Ukraine: «Les acteurs sont conscients des enjeux et savent qu’il faut ménager les Russes»
DÉCRYPTAGE•L’économiste Alexandre Kateb explique à «20 Minutes» pourquoi les sanctions économiques à l’encontre de la Russie ont un effet boomerang pour les puissances occidentales...Bérénice Dubuc
Les membres du G7 se réunissent ce lundi soir à La Haye, aux Pays-Bas, pour discuter d’éventuelles sanctions contre la Russie. Mais punir le régime de Vladimir Poutine n’est pas si aisé pour les Occidentaux, comme l’explique à 20 Minutes Alexandre Kateb, économiste et directeur du cabinet de conseil et d’analyse économique, géopolitique et financière Competence Finance.
Quelles pourraient-être les conséquences pour la Russie d’une exclusion du G8?
Cette exclusion serait une mesure purement symbolique. Le G8 n’est en effet qu’un groupe de coordination et de discussion, il n’est pas une instance véritablement décisionnaire.
Et si d’autres instances, comme le G20 par exemple, excluaient la Russie?
Voir la Russie exclue du G20 semble hautement improbable. De nombreux pays membres ont des liens forts avec elle, qu’ils essayent de renforcer. Il semble donc difficile d’atteindre un consensus comme celui qui se dégage au G8. La Russie ne peut pas non plus être exclue d’autres organisations internationales, puisque cela nécessiterait des votes à majorité très importante. Et, même pendant la guerre froide, l’URSS n’avait pas été exclue des organisations internationales, y compris après l’invasion de l’Afghanistan en 1979. Tout comme les Etats-Unis ne l’ont pas été lorsqu’ils ont unilatéralement envahi l’Irak en 2003.
Quelles sanctions économiques pourraient avoir un impact?
Celles prises la semaine dernière par les Etats-Unis et l’Union européenne n’en ont pas eu, sauf peut-être l’interruption des transactions Visa et Mastercard, mais qui ont en partie été rétablies. Il faut souligner que toutes les sanctions qui pourraient être prises ont un effet boomerang, car un pays comme la Russie joue un rôle important dans les échanges économiques internationaux.
C’est un acteur majeur sur le marché de l’énergie (premier producteur et exportateur mondial d’hydrocarbures), et elle a à ce titre un poids colossal: aucun pays ne peut prendre le risque de voir quelles conséquences des sanctions à son encontre pourraient avoir sur les marchés mondiaux -notamment sur les prix du pétrole.

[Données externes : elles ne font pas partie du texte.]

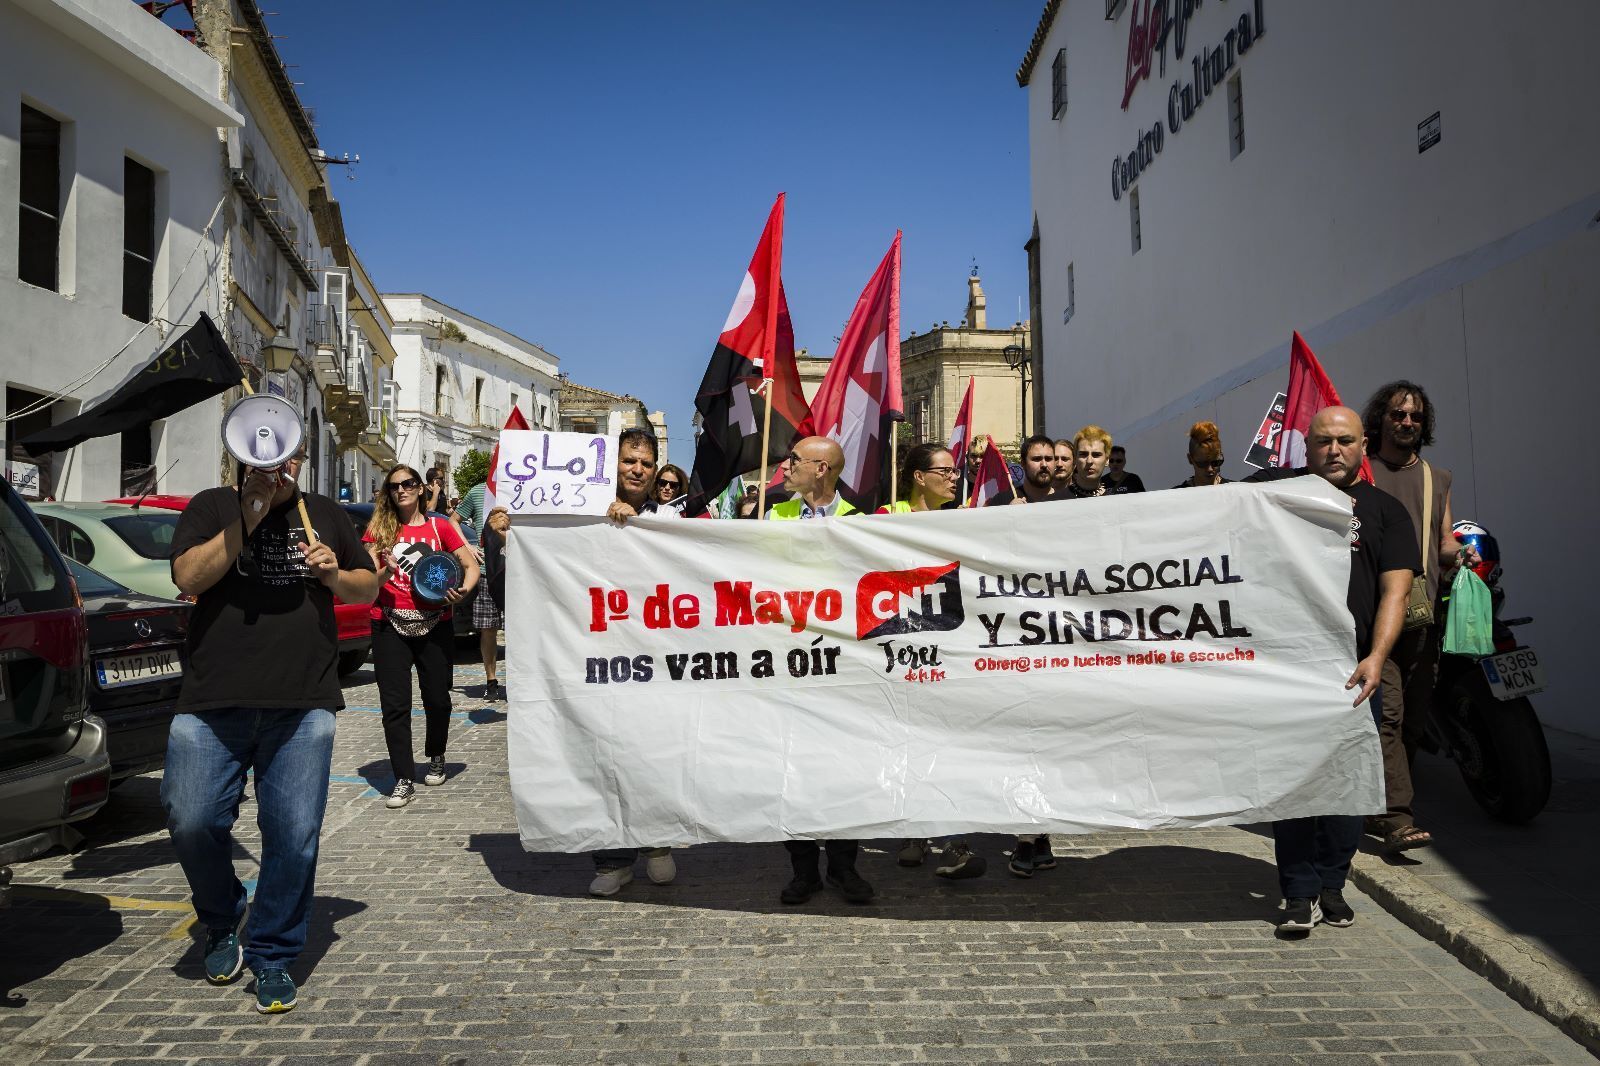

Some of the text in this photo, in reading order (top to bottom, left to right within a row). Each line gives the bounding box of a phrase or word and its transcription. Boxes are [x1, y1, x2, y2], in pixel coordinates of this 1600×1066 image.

[1112, 121, 1163, 200] Centro
[1168, 0, 1264, 134] Cultural
[510, 482, 587, 511] 2023
[977, 554, 1243, 598] LUCHA SOCIAL
[589, 581, 843, 633] 1º de Mayo
[871, 583, 949, 621] CNT
[977, 600, 1252, 645] Y SINDICAL
[110, 657, 142, 680] 3117
[147, 652, 175, 675] DVK
[585, 635, 841, 684] nos van a oír
[974, 646, 1255, 672] Obrer@ si no luchas nadie te escucha
[1495, 650, 1538, 673] 5369
[1502, 669, 1536, 691] MCN
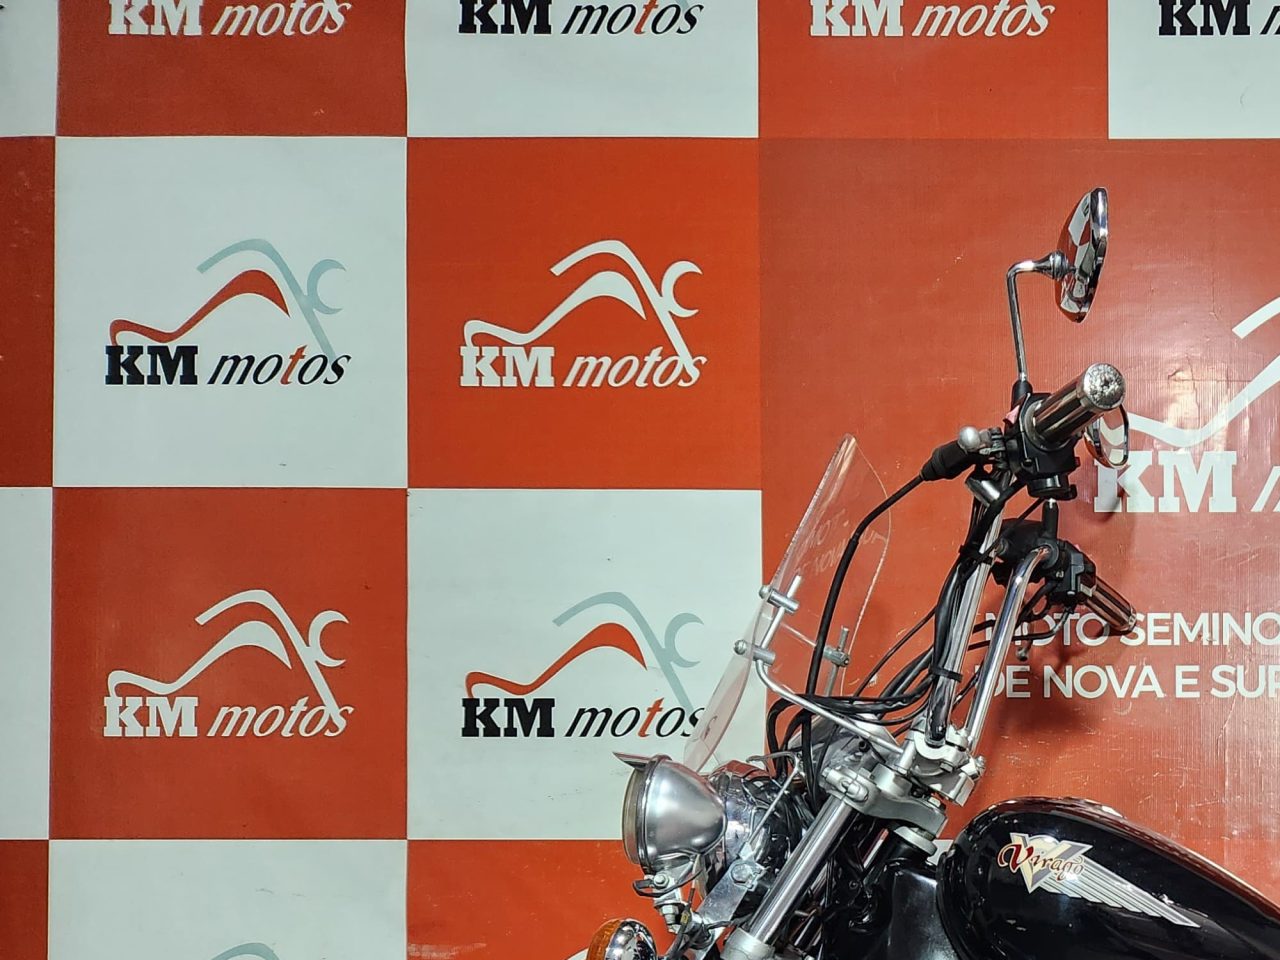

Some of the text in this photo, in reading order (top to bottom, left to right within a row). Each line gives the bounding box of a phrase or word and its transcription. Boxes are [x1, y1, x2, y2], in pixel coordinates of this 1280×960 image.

[109, 0, 351, 35] KM motos
[459, 0, 703, 34] KM motos
[810, 0, 1055, 36] KM motos
[1159, 0, 1250, 35] KM
[106, 346, 351, 385] KM motos
[461, 346, 707, 387] KM motos
[1094, 450, 1237, 513] KM
[1043, 664, 1164, 698] NOVA
[1175, 665, 1200, 698] E
[104, 696, 354, 737] KM motos
[462, 697, 555, 737] KM
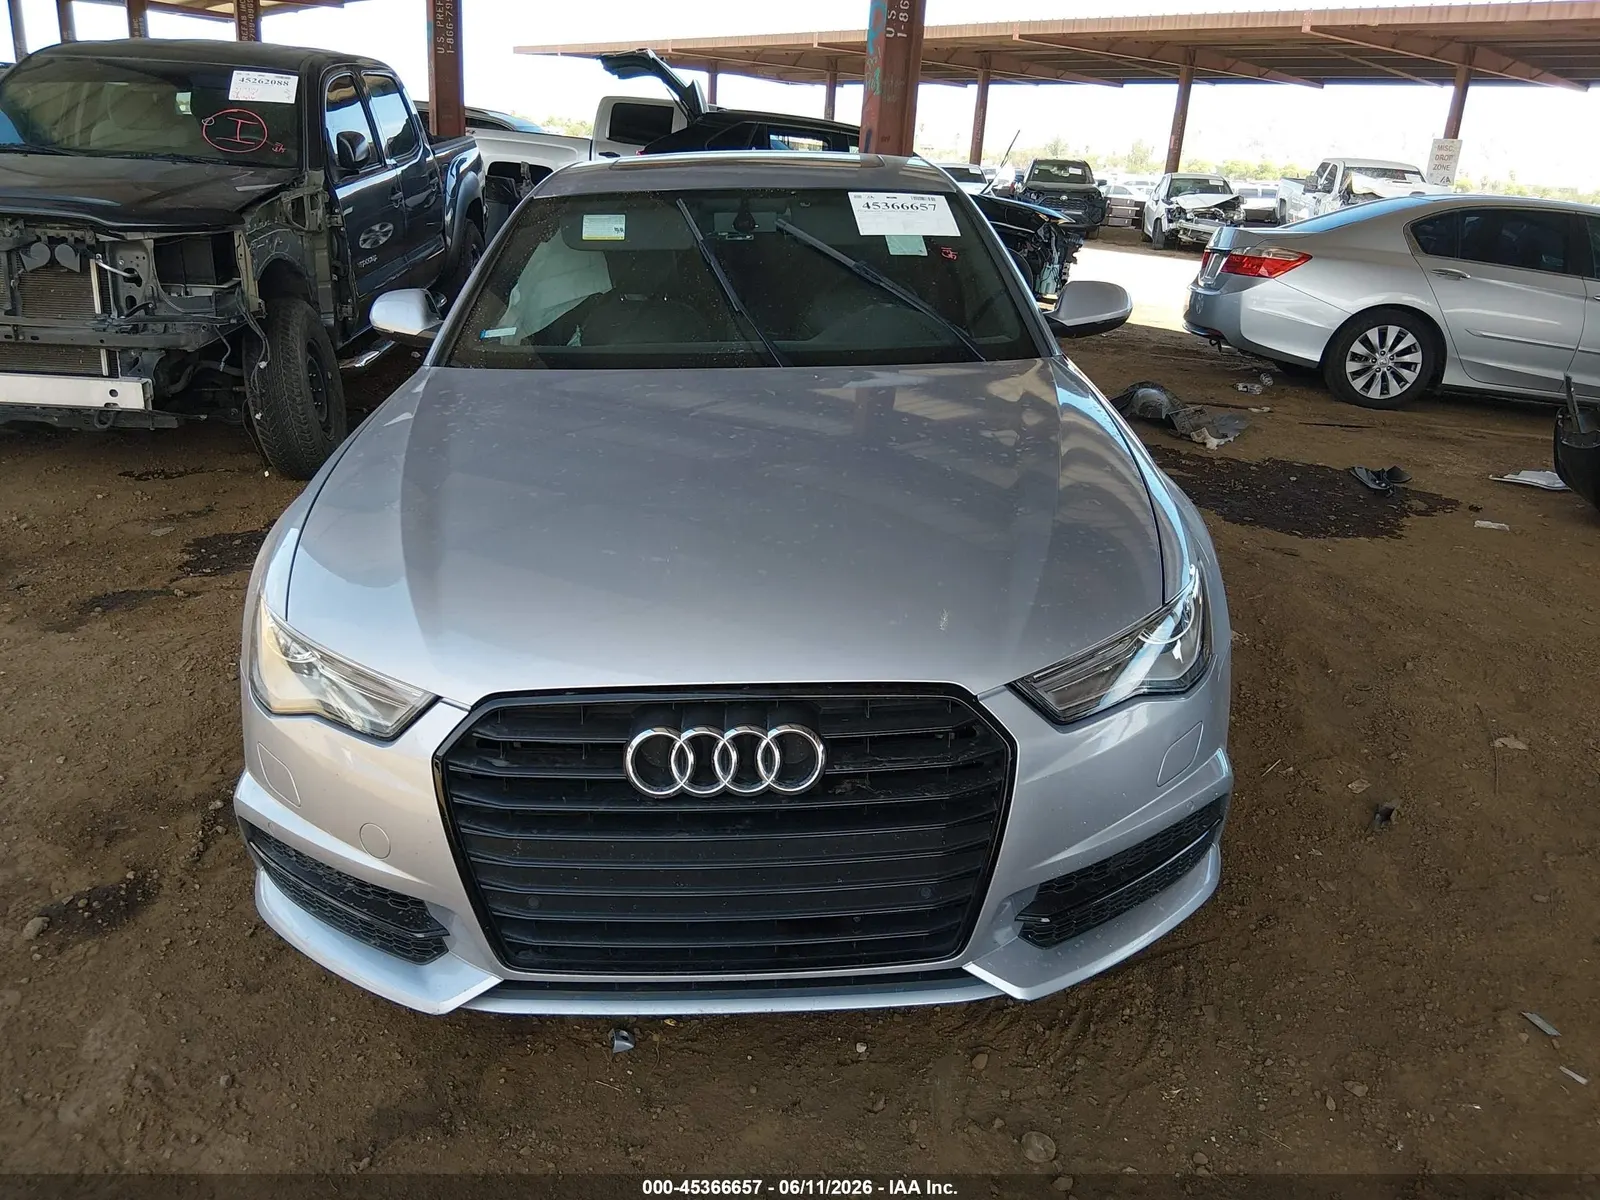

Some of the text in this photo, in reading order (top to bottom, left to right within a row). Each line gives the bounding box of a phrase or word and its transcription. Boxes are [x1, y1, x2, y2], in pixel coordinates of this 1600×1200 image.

Certes, les Etats-Unis sont sur un registre un peu différent, puisqu’ils n’ont pas les mêmes liens économiques avec la Russie que les Européens. Ils peuvent se permettre de demander plus de sanctions, car les conséquences les toucheront plus à la marge.
Les Occidentaux sont donc pieds et poings liés?
Il y a une diplomatie officielle, forte, pour que la Russie ne franchisse pas un palier supplémentaire, mais aussi en arrière-plan des discussions qui se poursuivent car les acteurs sont conscients des enjeux et savent qu’il faut ménager les Russes: ils sont certes une partie du problème, mais aussi de la solution.
Cependant, si la Russie franchit les frontières ukrainiennes par exemple, ce sera l’escalade. Là, il pourrait avoir des sanctions prises pour asphyxier son économie en la coupant du système financier international, peut-être sur le modèle de celles qui sont appliquées à l’Iran. Mais cela peut avoir un effet pervers. Dans le cas de l’Iran, si ces sanctions ont bien eu un impact négatif sur l’économie, elles ont aussi poussé le pays à se tourner vers des puissances alternatives, comme la Chine.
De telles sanctions contre la Russie pourraient pousser à une multipolarisation croissante et désoccidentalisée de l’économie mondiale. Plutôt que de sanctionner, le plus raisonnable serait de mettre en place une désescalade, et une reconnaissance de fait de l’annexion de la Crimée.